This is a project about object detection from aerial imagery using open data from OpenStreetMap (OSM) project as massive training data and areal imagery, wordwide or local. This project has been formerly known as "OSM-Crosswalk-Detection"; now ot's called OSMDeepOD, pronounced "OSM Deep 'Oh 'Dee"!

Keywords: Big Data; Data Science; Data Engineering; Machine Learning; Artificial Intelligence; Neuronal Nets; Imagery; Volunteered Geographic Information; Crowdsourcing; Geographic Information Systems; Infrastructure; Parallel Programming.

Introduction

OSM-Crosswalk-Detection is a highly scalable image recognition software for aerial photos (orthophotos). It uses the open source software library TensorFlow, with a retrained Inception V3 neuronal network, to detect crosswalks along streets.

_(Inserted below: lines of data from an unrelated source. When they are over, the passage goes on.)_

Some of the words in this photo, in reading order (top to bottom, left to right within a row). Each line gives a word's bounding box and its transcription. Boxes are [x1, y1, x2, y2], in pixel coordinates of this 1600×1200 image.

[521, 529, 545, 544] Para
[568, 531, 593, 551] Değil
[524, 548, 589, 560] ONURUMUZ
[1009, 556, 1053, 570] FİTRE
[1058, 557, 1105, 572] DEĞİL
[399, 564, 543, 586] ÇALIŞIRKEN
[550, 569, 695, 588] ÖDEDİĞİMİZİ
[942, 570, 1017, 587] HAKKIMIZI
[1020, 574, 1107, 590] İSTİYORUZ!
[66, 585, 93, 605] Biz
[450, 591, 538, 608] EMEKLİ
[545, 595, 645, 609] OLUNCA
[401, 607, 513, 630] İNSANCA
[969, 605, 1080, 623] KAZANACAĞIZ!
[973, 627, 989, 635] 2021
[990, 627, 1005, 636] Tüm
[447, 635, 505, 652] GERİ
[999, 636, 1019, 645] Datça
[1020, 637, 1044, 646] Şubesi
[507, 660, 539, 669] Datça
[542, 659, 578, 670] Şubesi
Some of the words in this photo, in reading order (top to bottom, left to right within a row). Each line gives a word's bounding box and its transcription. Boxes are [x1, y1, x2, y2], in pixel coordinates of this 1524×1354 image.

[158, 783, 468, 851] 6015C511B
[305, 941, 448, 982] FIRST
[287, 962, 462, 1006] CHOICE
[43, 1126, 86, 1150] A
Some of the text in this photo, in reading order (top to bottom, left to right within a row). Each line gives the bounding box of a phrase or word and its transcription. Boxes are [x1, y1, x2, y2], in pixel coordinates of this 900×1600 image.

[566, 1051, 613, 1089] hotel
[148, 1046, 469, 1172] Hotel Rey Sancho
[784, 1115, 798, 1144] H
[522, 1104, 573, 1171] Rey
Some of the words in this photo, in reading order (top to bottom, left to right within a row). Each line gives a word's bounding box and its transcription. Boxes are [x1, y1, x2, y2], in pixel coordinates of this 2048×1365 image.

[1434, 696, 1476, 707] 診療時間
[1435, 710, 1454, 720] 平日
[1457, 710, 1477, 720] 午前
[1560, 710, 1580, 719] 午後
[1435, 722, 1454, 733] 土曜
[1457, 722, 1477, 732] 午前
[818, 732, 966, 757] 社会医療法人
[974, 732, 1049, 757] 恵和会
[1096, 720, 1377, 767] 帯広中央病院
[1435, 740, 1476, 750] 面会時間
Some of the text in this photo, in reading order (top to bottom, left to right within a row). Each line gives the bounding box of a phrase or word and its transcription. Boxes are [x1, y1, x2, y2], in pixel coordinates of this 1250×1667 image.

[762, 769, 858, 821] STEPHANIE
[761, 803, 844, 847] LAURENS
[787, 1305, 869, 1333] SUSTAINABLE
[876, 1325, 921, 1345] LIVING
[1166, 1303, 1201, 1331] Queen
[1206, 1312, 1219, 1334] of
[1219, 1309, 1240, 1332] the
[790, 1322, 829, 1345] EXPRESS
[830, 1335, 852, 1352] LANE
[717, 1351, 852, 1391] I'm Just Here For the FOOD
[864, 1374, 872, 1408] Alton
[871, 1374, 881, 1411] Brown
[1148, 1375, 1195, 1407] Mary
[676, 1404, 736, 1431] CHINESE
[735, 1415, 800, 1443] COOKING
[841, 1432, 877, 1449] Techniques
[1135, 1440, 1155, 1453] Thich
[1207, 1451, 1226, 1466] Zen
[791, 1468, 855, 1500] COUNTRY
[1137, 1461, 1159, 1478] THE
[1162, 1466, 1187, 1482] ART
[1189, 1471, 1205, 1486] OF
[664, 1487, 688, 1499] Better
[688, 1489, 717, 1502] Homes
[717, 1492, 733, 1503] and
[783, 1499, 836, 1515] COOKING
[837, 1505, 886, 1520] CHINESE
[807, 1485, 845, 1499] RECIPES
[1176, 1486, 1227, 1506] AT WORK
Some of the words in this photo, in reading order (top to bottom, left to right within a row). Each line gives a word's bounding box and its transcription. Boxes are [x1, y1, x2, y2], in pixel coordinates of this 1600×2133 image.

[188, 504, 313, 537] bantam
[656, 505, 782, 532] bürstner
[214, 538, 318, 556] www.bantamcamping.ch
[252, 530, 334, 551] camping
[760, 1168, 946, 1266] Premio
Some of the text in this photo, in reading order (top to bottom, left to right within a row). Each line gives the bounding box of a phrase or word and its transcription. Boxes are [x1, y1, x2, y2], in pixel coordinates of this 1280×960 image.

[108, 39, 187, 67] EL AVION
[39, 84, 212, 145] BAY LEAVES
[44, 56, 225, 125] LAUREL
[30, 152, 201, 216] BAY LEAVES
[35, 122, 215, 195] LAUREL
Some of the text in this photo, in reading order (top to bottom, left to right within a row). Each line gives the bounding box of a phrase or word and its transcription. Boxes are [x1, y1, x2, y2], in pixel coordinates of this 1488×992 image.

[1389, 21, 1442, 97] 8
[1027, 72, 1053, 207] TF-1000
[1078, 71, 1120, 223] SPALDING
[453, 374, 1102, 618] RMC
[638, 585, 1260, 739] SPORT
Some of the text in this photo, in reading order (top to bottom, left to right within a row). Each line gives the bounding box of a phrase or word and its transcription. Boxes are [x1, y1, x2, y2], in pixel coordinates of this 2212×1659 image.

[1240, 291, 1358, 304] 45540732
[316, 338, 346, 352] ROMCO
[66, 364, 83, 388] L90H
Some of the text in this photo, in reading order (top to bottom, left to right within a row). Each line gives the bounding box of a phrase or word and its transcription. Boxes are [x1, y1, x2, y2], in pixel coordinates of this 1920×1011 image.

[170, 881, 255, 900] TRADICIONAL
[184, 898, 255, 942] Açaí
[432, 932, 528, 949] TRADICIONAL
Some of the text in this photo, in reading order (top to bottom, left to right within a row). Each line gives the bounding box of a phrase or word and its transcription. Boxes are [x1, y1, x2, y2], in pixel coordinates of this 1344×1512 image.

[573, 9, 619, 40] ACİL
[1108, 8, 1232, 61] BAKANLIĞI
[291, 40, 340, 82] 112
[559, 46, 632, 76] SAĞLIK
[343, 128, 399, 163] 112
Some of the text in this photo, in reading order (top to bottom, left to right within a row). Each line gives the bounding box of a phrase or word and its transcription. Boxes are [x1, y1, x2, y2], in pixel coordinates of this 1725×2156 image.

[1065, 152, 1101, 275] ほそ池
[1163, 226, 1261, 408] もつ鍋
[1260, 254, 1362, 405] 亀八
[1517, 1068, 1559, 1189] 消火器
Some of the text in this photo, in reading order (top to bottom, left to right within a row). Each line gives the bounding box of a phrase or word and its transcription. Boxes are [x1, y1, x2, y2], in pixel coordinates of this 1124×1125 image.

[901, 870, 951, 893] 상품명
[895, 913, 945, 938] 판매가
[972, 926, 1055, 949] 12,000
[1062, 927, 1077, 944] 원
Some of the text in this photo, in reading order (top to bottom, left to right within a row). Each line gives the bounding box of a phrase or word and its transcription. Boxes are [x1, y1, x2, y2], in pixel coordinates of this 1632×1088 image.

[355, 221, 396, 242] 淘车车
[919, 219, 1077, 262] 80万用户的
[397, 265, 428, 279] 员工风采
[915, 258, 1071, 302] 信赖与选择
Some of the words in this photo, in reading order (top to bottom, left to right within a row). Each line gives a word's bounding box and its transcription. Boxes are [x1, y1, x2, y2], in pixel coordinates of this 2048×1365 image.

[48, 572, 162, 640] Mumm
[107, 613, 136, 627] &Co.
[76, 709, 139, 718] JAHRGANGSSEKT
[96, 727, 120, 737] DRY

This work started as part of a semester thesis autumn 2015 at Geometa Lab, University of Applied Sciences Rapperswil (HSR).

Overview

Marcitecture

Process

Detection-Example1

Getting Started

Prerequisites

  • Python

    At the moment, we support python 3.x

  • Docker

    In order to use volumes, I recommend using docker >= 1.9.x

  • Bounding Box of area to analyze

    To start the extraction of crosswalks within a given area, the bounding box of this area is required as arguments for the manager. To get the bounding box the desired area, you can use https://www.openstreetmap.org/export to select the area and copy paste the corresponding coordinates. Use the values in the following order when used as positional arguments to manager: left bottom right top

Usage

The simplest way to use the detection process is to clone the repository and build/start the docker containers.

git clone https://github.com/geometalab/OSM-Crosswalk-Detection.git
cd OSM-Crosswalk-Detection/dockerfiles/
sudo python docker_run.py -r -d

After the previous shell commands you have started a redis instance for data persistance and a container for the detection process. Now you should be connected to a tty of the crosswalk_detection container. If you have a nvida GPU and nvidia-docker installed the detection algorithm will automatically use this GPU1.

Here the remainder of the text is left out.